Tax havens, named: which countries do the work, and what each one is for
ByLoopholeKiln EditorialPublished
Figures current as of·Corrections
The short version: "tax haven" is a single phrase for two different jobs. Some places are where money stops and is taxed at nothing. Others are respectable economies that money passes through on its way, picking up a treaty benefit in transit. This cluster names the jurisdictions and sets out what each one is actually for. It is the who. The how, the mechanics of conduits and treaty shopping, lives on its own page, and we link there rather than repeat it.
There is a habit of talking about tax havens as if they were all the same: a palm tree, a brass plate, a numbered account. They are not the same. They divide into two roles, and the division is the whole map.
A sink is where money comes to rest. Income arrives, is taxed at little or nothing, and stops. The British Virgin Islands, the Cayman Islands and Bermuda are sinks. They have, in most cases, no corporate income tax at all, so there is nothing for the money to lose by staying.
A conduit is a stop on the way. Money flows in from a high-tax country and flows out again to a sink, and the conduit's job is to make sure the journey is cheap, chiefly by avoiding the withholding tax a country charges when income leaves it. A conduit is usually a developed economy with a dense web of tax treaties: the Netherlands, the United Kingdom, Switzerland, Singapore, Ireland. The mechanism by which a conduit earns its keep is set out in full on the conduit jurisdictions page; we do not repeat it here.
The worst offenders, ranked
The Tax Justice Network's Corporate Tax Haven Index measures how much room each jurisdiction gives multinationals to undertax their profits. In its current edition, the version 3.0 update of October 2024, the top five by that measure are:
- British Virgin Islands
- Cayman Islands
- Bermuda and Switzerland (the index scores them level at the top)
- Singapore
The top ten jurisdictions between them account for roughly half of the world's corporate-tax-abuse risk. The British Virgin Islands, the Cayman Islands and Bermuda each score a perfect 100 out of 100 on the index's haven measure, meaning the maximum legal room for corporate tax avoidance.

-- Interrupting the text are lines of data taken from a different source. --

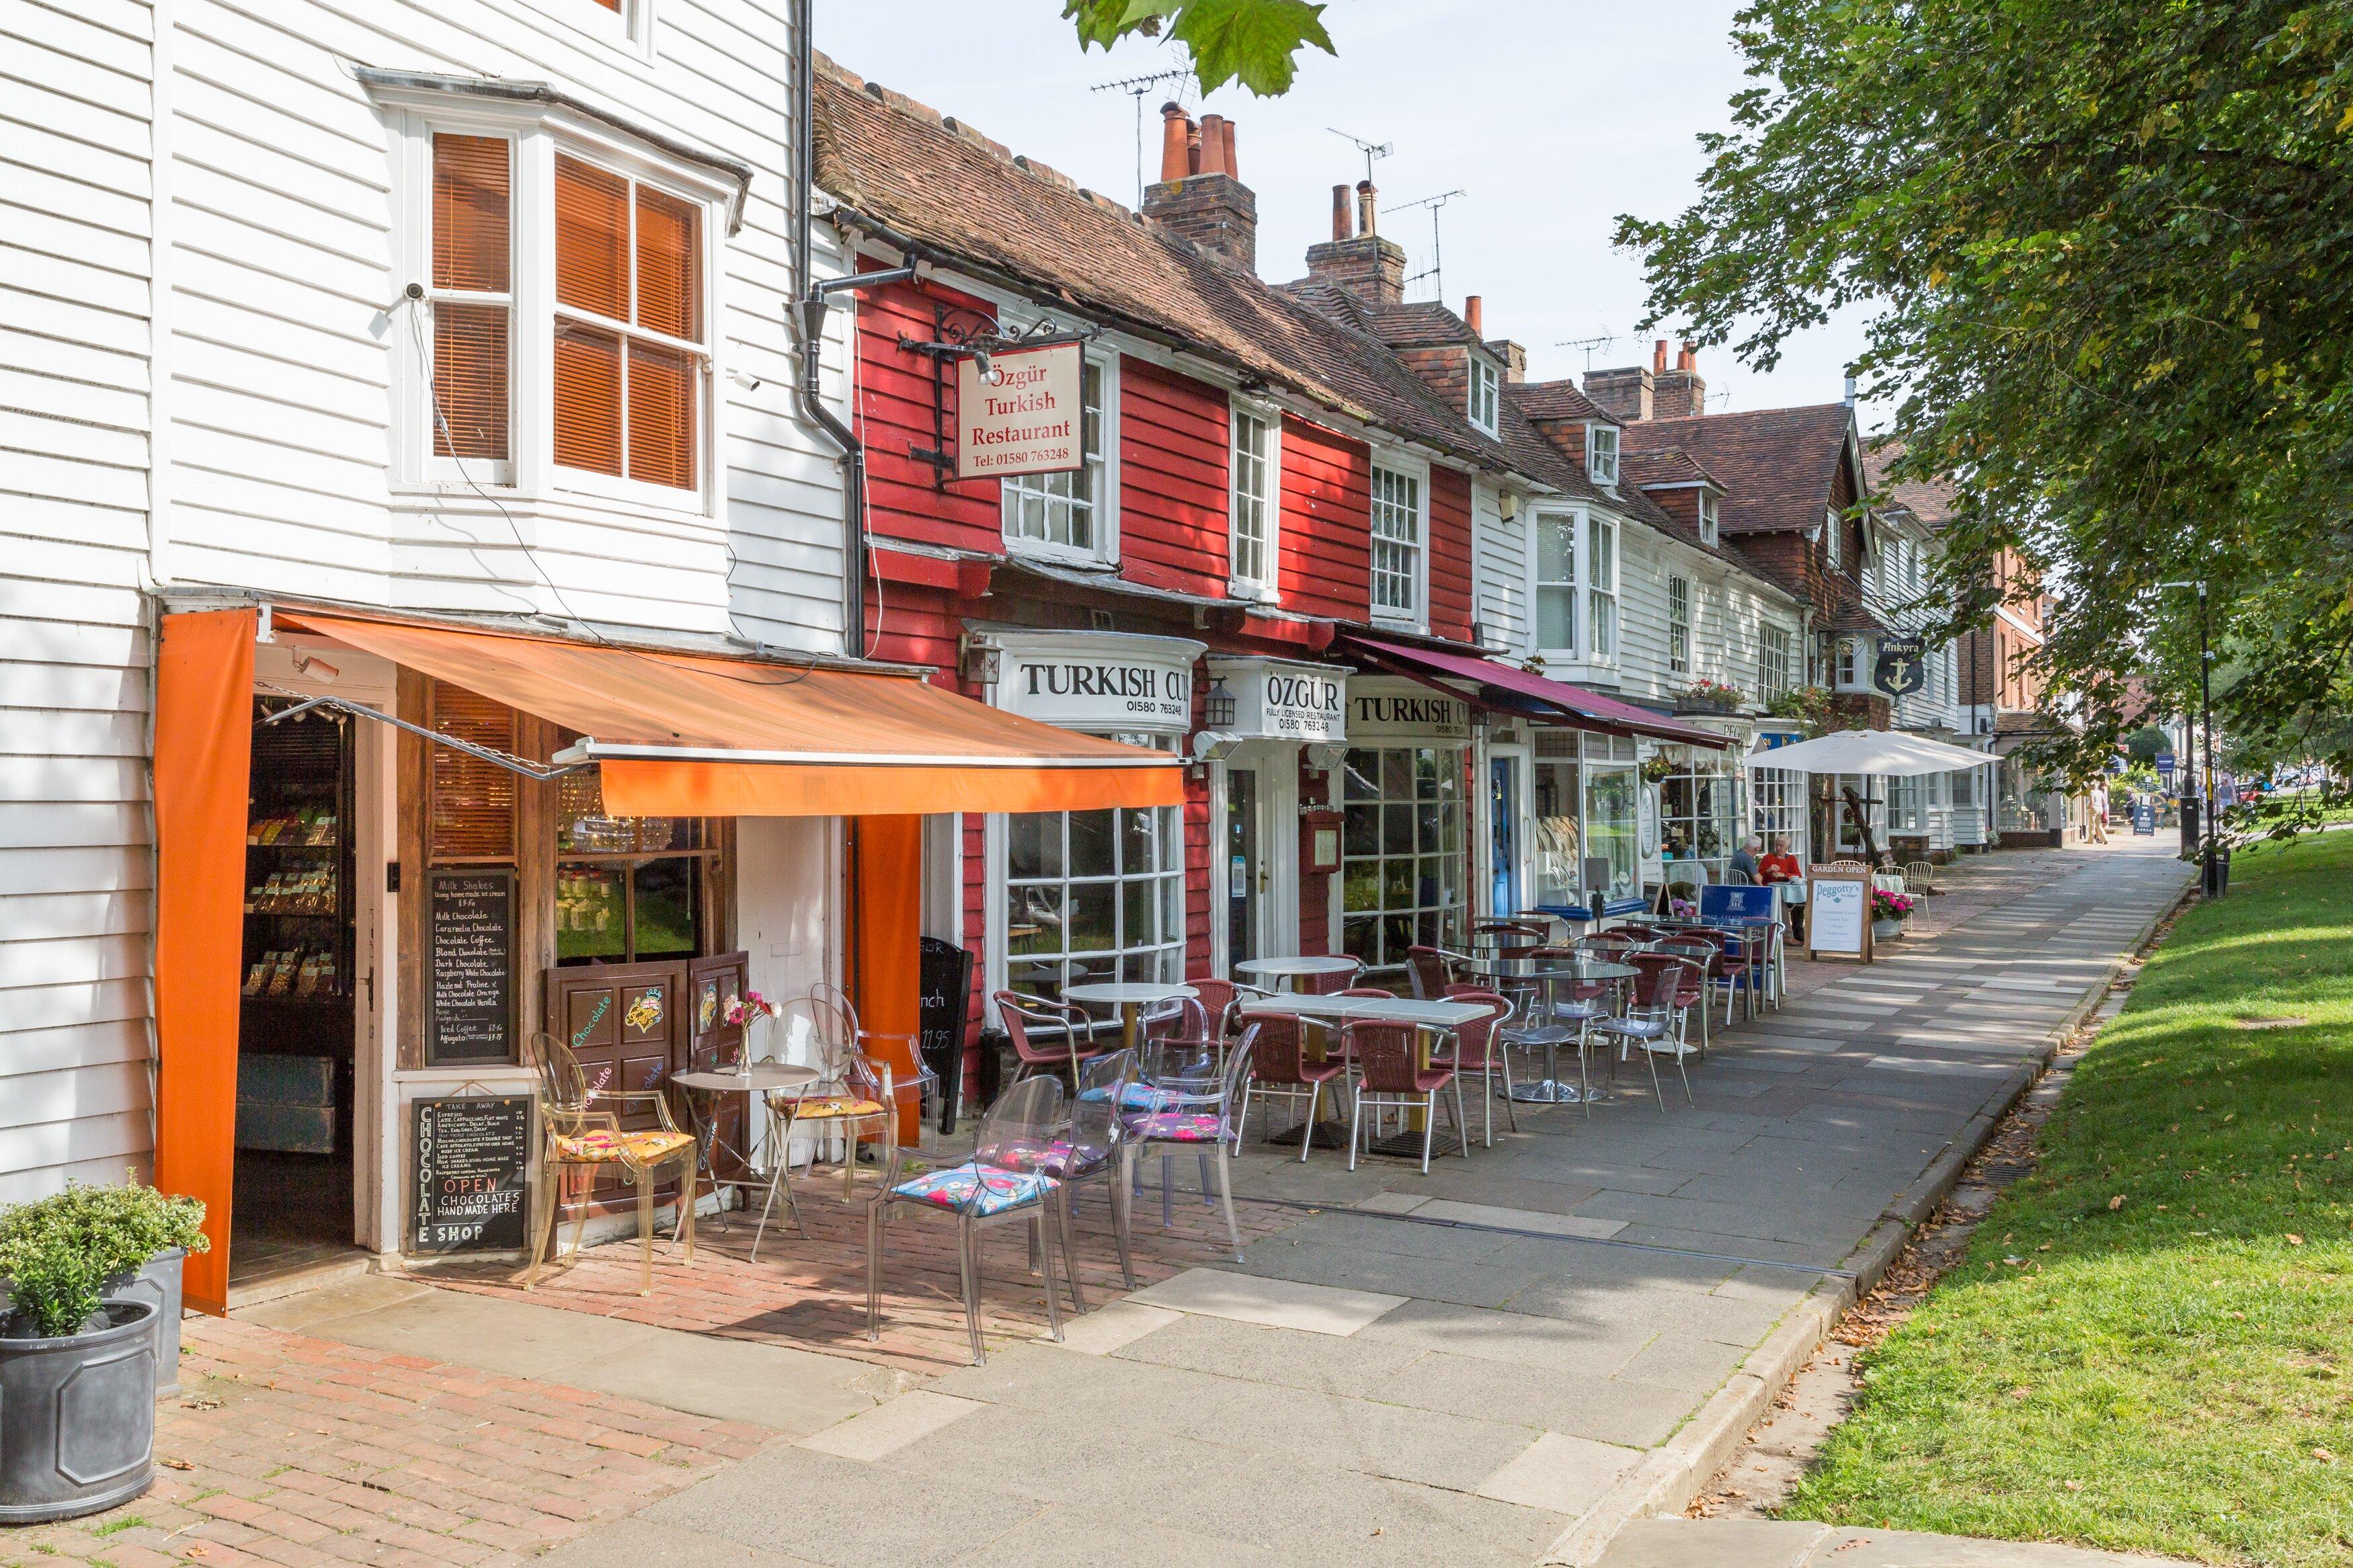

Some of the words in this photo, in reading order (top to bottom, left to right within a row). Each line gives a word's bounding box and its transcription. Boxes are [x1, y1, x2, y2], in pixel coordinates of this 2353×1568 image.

[991, 364, 1047, 390] Özgür
[985, 391, 1055, 415] Turkish
[972, 420, 1070, 446] Restaurant
[973, 455, 993, 467] Tel:
[996, 452, 1027, 465] 01580
[1031, 448, 1069, 462] 763248
[1883, 642, 1919, 655] Ankyra
[1021, 664, 1156, 698] TURKISH
[1268, 671, 1339, 711] ÖZGÜR
[1127, 700, 1156, 712] 01580
[1160, 703, 1181, 716] 763248
[1355, 698, 1450, 723] TURKISH
[1267, 708, 1279, 716] FULLY
[1281, 710, 1304, 718] LICENSED
[1307, 712, 1341, 722] RESTAURANT
[1279, 718, 1300, 730] 01580
[1304, 720, 1329, 732] 763248
[1436, 725, 1452, 733] 01580
[439, 881, 458, 890] Milk
[463, 880, 493, 890] Shakes
[434, 892, 449, 901] Using
[1816, 884, 1860, 901] Peggotty's
[436, 912, 450, 921] Milk
[452, 909, 488, 920] Chocolate
[473, 923, 504, 932] Chocolate
[436, 936, 469, 944] Chocolate
[471, 935, 494, 946] Coffee
[435, 948, 457, 956] Blond
[459, 947, 488, 956] Chocolate
[435, 959, 452, 967] Dark
[456, 959, 489, 968] Chocolate
[435, 969, 465, 980] Raspberry
[467, 980, 490, 988] Praline
[448, 989, 475, 997] Chocolate
[477, 989, 500, 998] Orange
[451, 999, 476, 1007] Chocolate
[477, 998, 497, 1006] Vanilla
[573, 996, 611, 1046] Chocolate
[440, 1024, 454, 1033] Iced
[456, 1024, 477, 1034] Coffee
[440, 1034, 465, 1044] Affogato
[444, 1178, 497, 1193] OPEN
[442, 1192, 520, 1206] CHOCOLATES
[492, 1202, 517, 1213] HERE
[438, 1226, 483, 1241] SHOP

Three of the top four on that list are British Overseas Territories.
That last fact is not a coincidence, and it is the reason the first page below exists.
The pages in this cluster
- The UK spider's web. The signature. Three of the world's top four corporate tax havens are British territories, and the City of London sits at the centre of a network that radiates out through the Crown Dependencies and the Overseas Territories. Taken as one entity, the UK and its satellites account for about a third of global corporate-tax-abuse risk. Who controls them, and who answers for them.

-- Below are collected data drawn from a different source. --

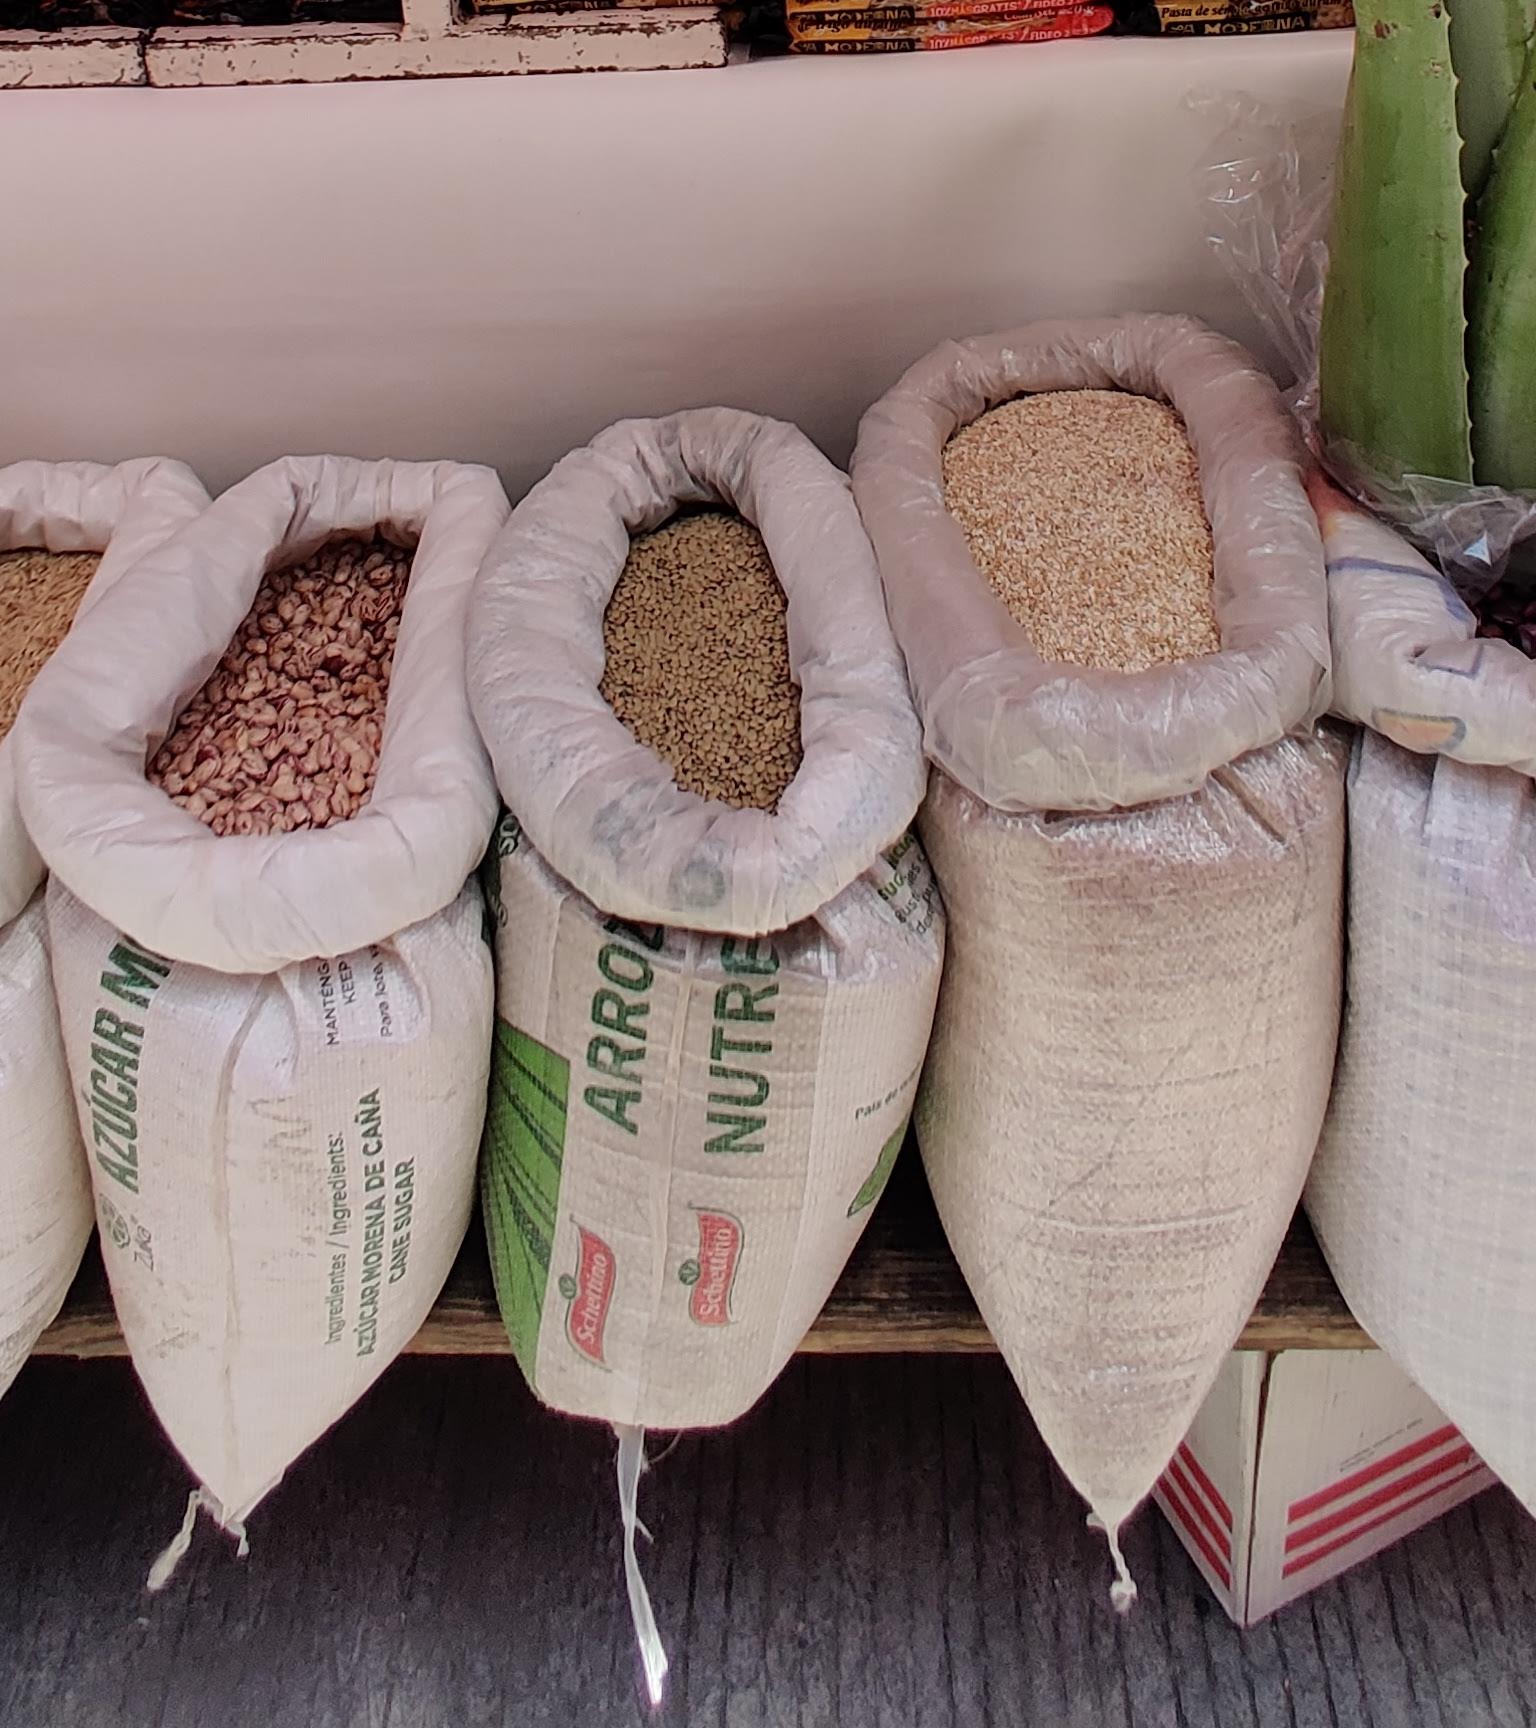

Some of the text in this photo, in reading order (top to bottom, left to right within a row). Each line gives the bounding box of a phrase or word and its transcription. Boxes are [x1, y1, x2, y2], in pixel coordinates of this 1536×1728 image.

[339, 960, 356, 1006] KEEP
[380, 1006, 395, 1038] Para
[84, 1007, 146, 1195] AZÚCAR
[324, 1131, 352, 1348] Ingredientes Ingredients:
[354, 1088, 386, 1359] AZÚCAR MORENA DE CAÑA
[388, 1155, 416, 1283] CANE SUGAR
[699, 1227, 733, 1319] Schettino
[576, 1251, 608, 1346] Schettino

- The European conduits. Ireland, the Netherlands, Luxembourg and Switzerland: what each one offers a multinational, and what the European Union has done about it. These are the respectable addresses, not the palm trees.
- Delaware, Singapore and the Mauritius route. America's own onshore haven inside its own borders; Asia's pre-eminent holding hub; and the conduit that for thirty years let investors avoid Indian tax entirely, until a 2016 treaty change.
A note on what these pages are not
These pages describe roles, using public data, chiefly the Tax Justice Network's two indices. They name a company only where it is a matter of documented public record, and they describe what a jurisdiction does rather than accuse it of a crime, because in almost every case no crime is alleged. The structures these havens host, the Double Irish and its relatives, are explained step by step in the structures encyclopedia. The mechanisms, transfer pricing, royalties, conduits, are explained in how they do it. This cluster is the geography.
Sources
- 01Tax Justice Network, Corporate Tax Haven Index, v3.0 October 2024 update (top five; top ten = roughly half of global corporate-tax-abuse risk)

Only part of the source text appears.